Other current scams in and around Plymouth County include the brushing “seeds from China” scams, COVID-19 contact tracing scam and the social security scam. For more about these scams, visit the Plymouth County DA scams page.
The Bridgewater COA would like to share the following tips from the FTC to help the senior community avoid Coronavirus scams:
- Hang up on robocalls. Don’t press any numbers. Scammers are using illegal robocalls to pitch everything from scam Coronavirus treatments to work-at-home schemes. The recording might say that pressing a number will let you speak to a live operator or remove you from their call list, but it might lead to more robocalls, instead.
- Ignore online offers for vaccinations and home test kits. Scammers are trying to get you to buy products that aren’t proven to treat or prevent COVID-19 — online or in stores. At this time, there also are no FDA-authorized home test kits for the Coronavirus. Visit the FDA to learn more.

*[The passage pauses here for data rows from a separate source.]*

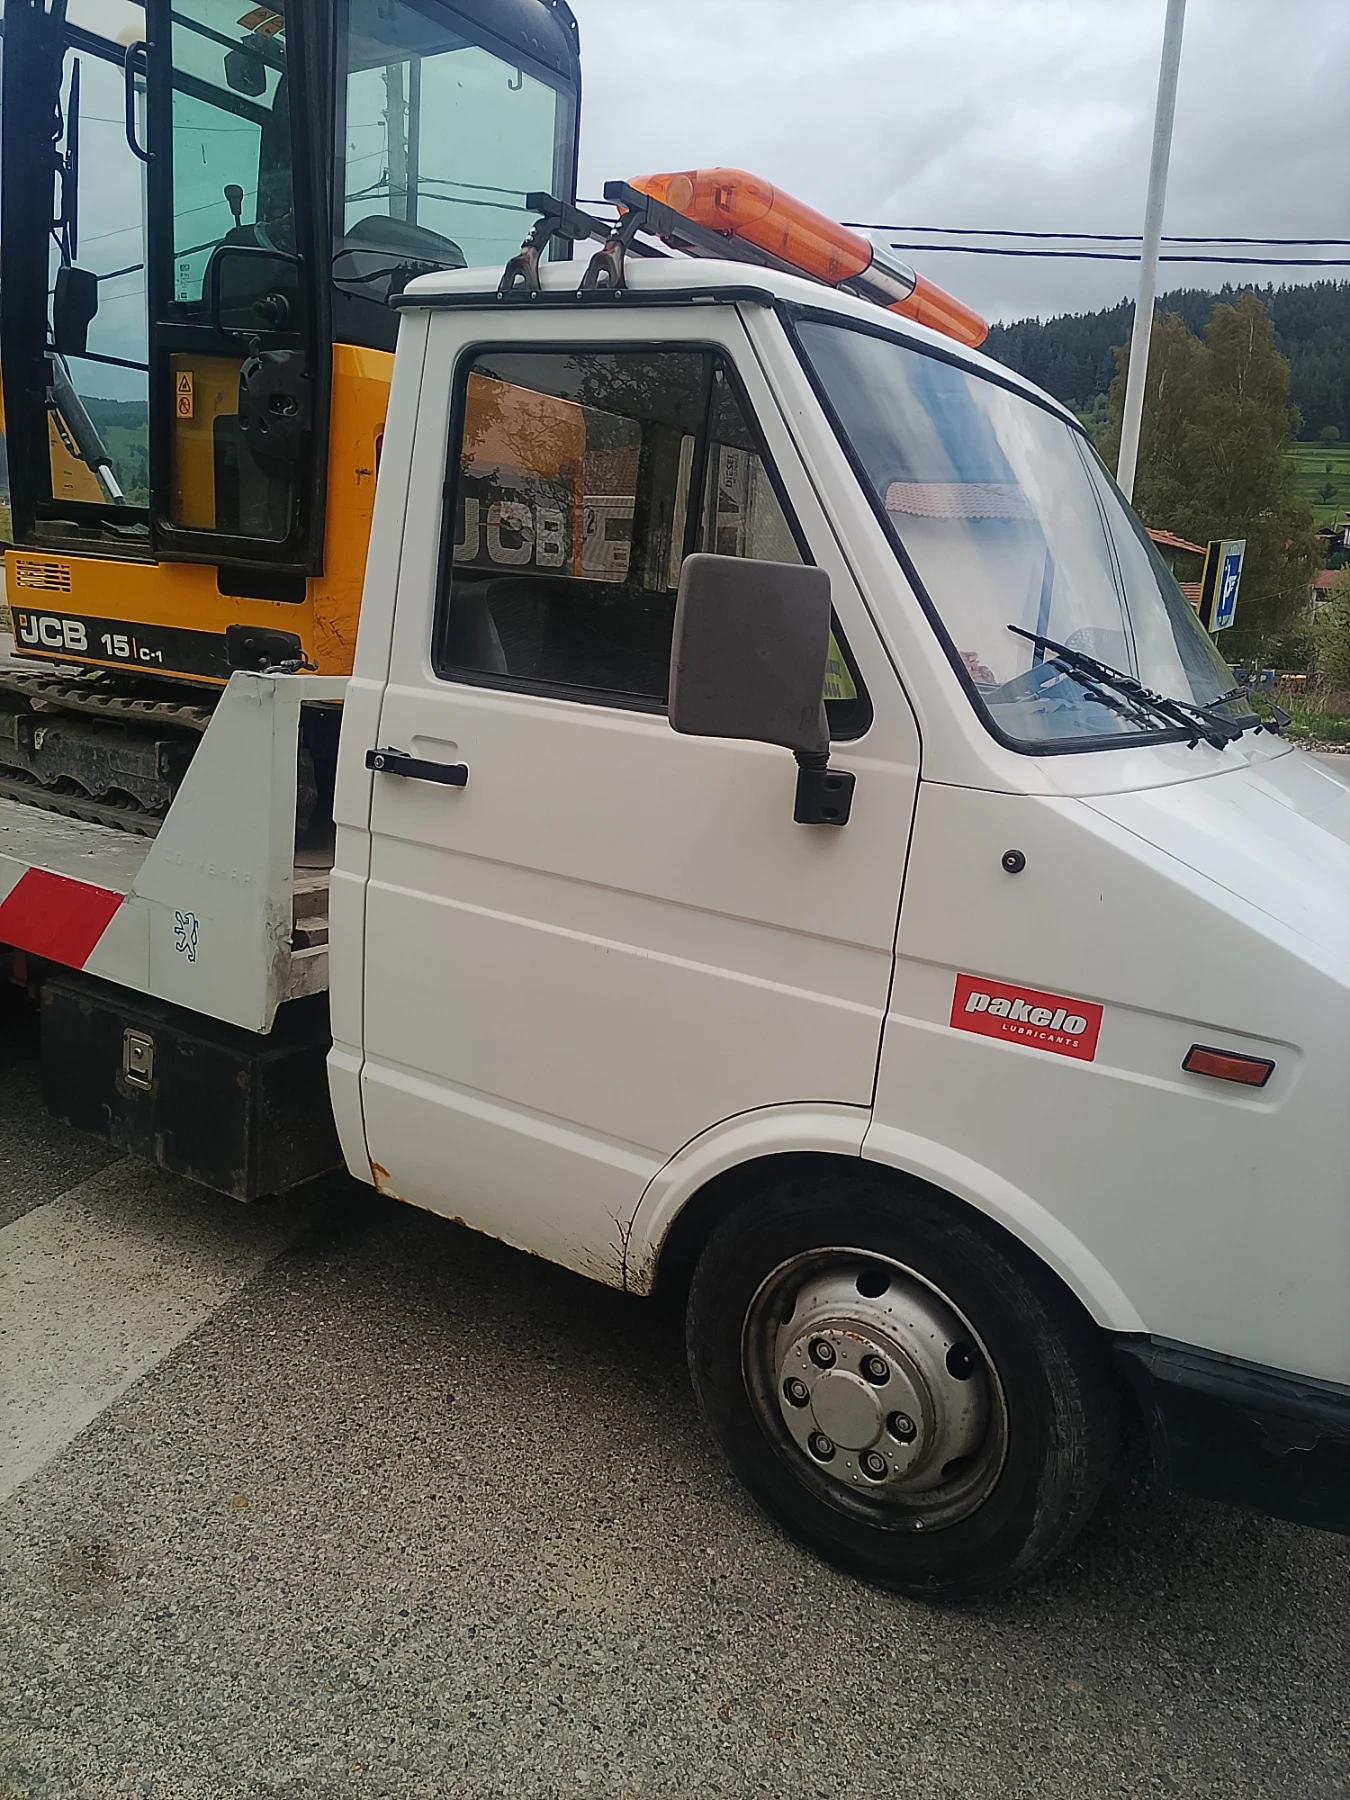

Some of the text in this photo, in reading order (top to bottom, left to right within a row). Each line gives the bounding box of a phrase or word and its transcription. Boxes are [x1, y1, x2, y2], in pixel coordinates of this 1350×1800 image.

[725, 454, 735, 488] DIESEL
[453, 497, 567, 567] JCB
[20, 615, 88, 651] JCB
[101, 633, 130, 657] 15
[964, 991, 1088, 1035] pakelo
[1001, 1023, 1080, 1048] LUBRICANTS

- Fact-check information. Scammers, and sometimes well-meaning people, share information that hasn’t been verified. Before you pass on any messages, contact trusted sources. Visit What the U.S. Government is Doing for links to federal, state and local government agencies.

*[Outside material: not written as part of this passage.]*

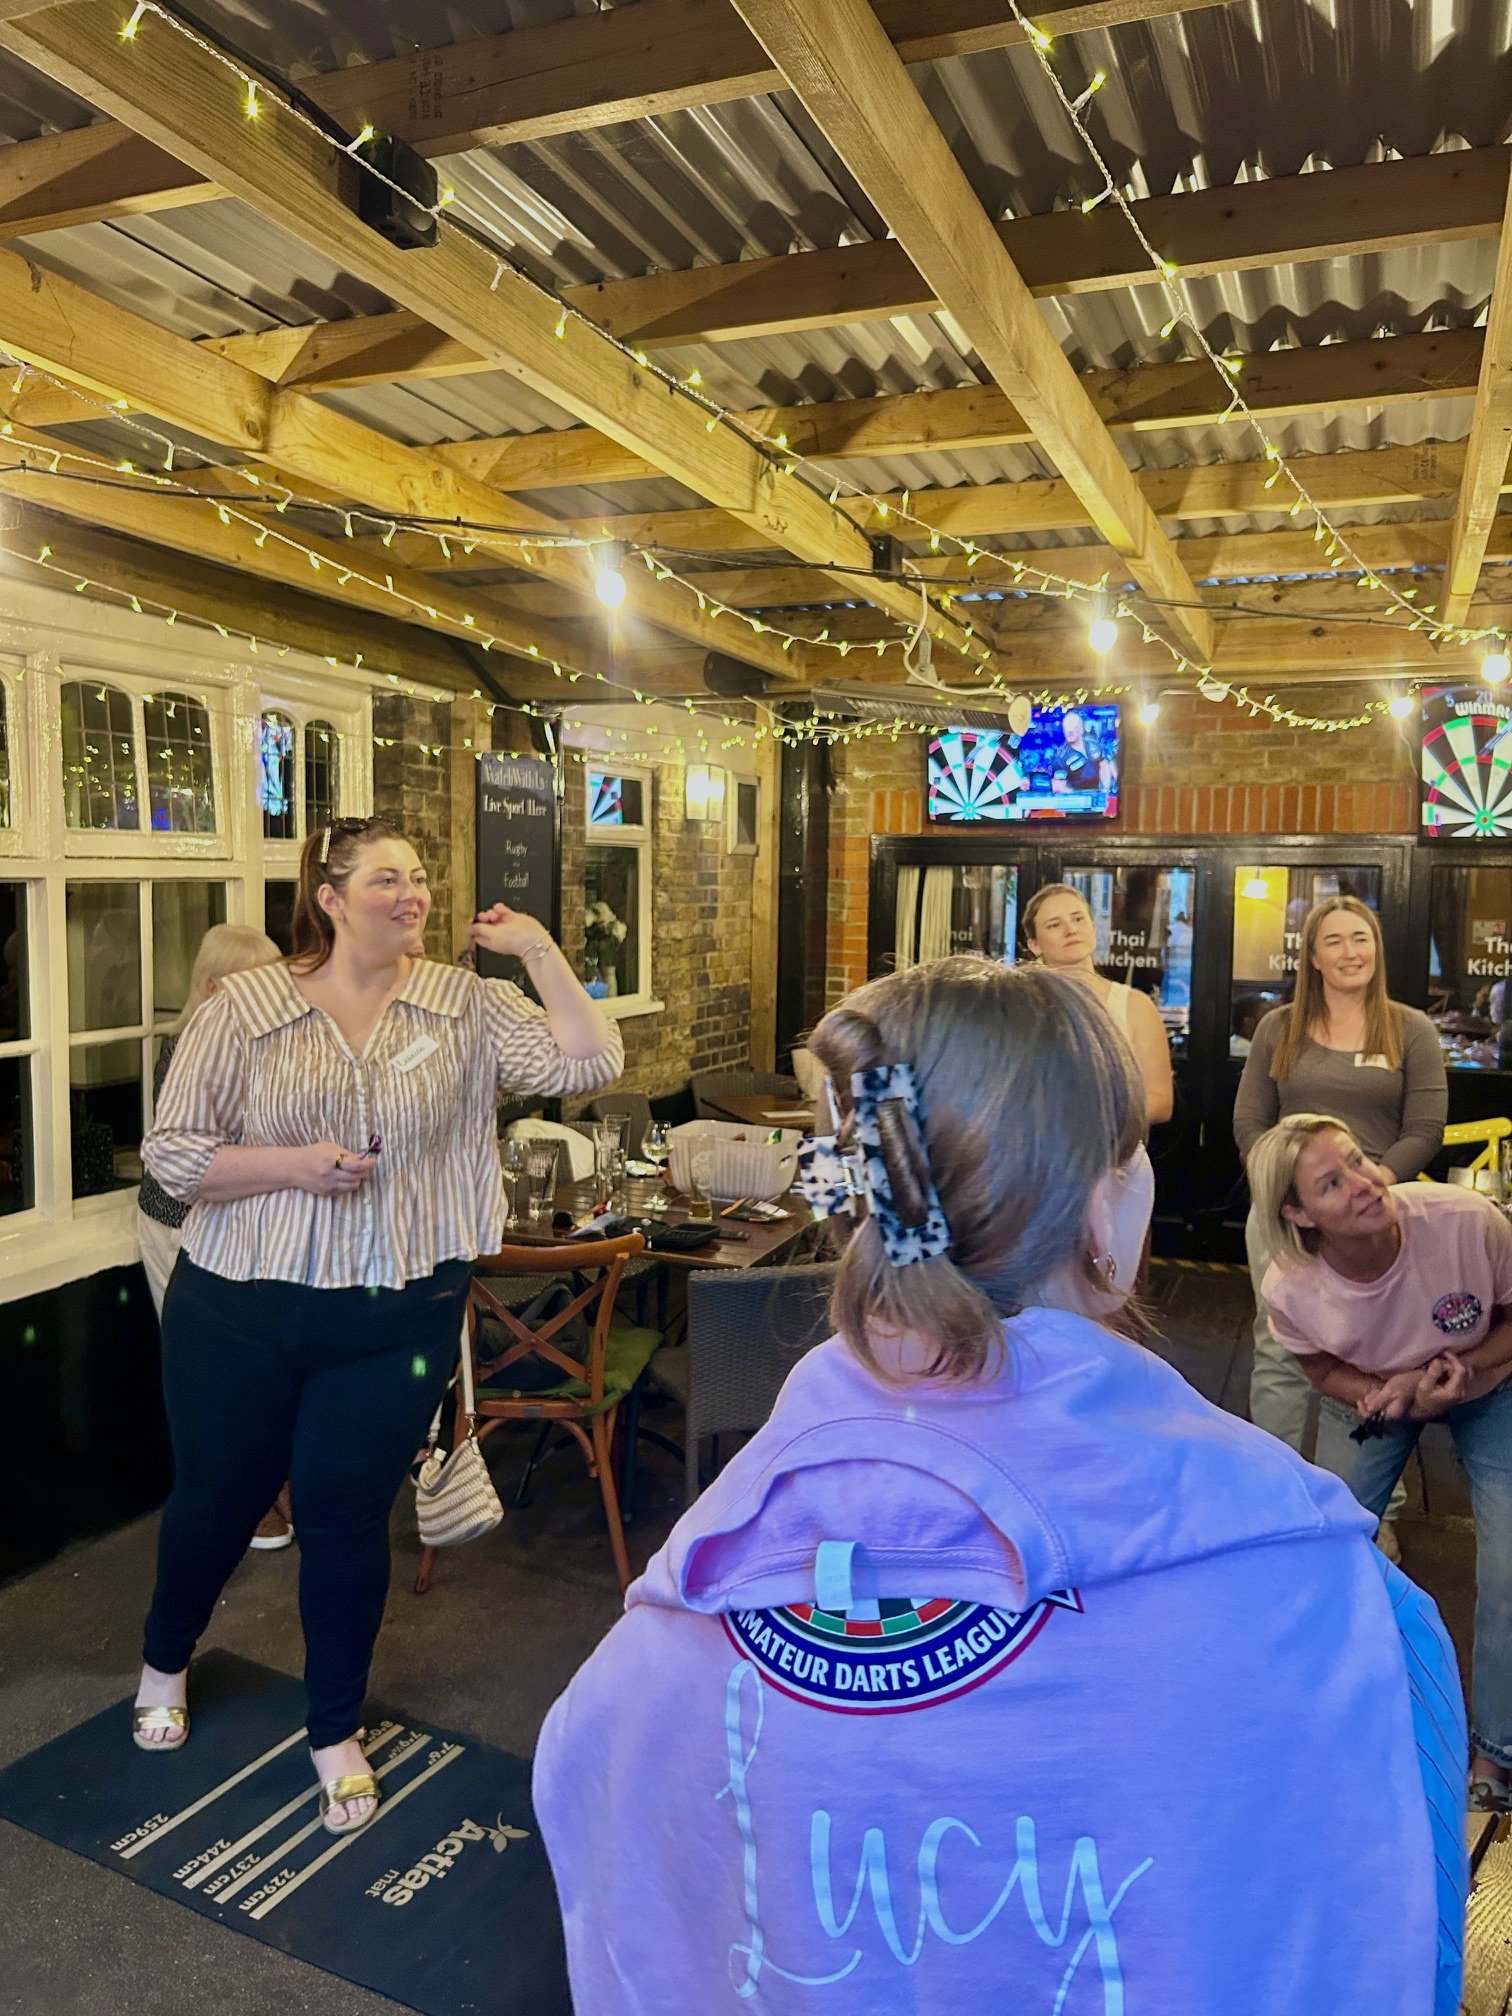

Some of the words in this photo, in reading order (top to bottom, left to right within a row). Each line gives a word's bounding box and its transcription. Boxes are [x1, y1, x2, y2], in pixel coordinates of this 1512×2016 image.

- Know who you’re buying from. Online sellers may claim to have in-demand products, like cleaning, household, and health and medical supplies when, in fact, they don’t.
- Don’t respond to texts and emails about checks from the government. The details are still being worked out. Anyone who tells you they can get you the money now is a scammer.
- Don’t click on links from sources you don’t know. They could download viruses onto your computer or device.
- Watch for emails claiming to be from the Centers for Disease Control and Prevention (CDC) or experts saying they have information about the virus. For the most up-to-date information about the Coronavirus, visit the Centers for Disease Control and Prevention (CDC) and the World Health Organization (WHO).
- Do your homework when it comes to donations, whether through charities or crowdfunding sites. Don’t let anyone rush you into making a donation. If someone wants donations in cash, by gift card, or by wiring money, don’t do it.
If anyone has any questions or feels that they have been victimized, they are encouraged to call their local police department. Scams should also be reported to the FTC at www.ftc.gov/complaint or 1-877-382-4357.
Many resources are available at the COA for Bridgewater seniors. The COA can conduct counseling to help pinpoint and recommend the most appropriate resources. Seniors are also encouraged to call the COA at 508-697-0929 for the most local and up-to-date information regarding a number of topics, get help or hear about opportunities or resources that may be available to them.
The Senior Safety video is one of a series of videos that will be published to bring valuable information and resources to the senior community in the areas of public safety, supportive services and community interests. The program is a collaborative effort between the Bridgewater Council on Aging, Bridgewater TRIAD, Plymouth County District Attorney Timothy Cruz, Plymouth County Sheriff Joseph McDonald, and Bridgewater Community Access Television.
The COA, in collaboration with Bridgewater Television (BTV), has made Channel 98 a dedicated channel to Bridgewater seniors. The videos will be posted online at btvaccess.com.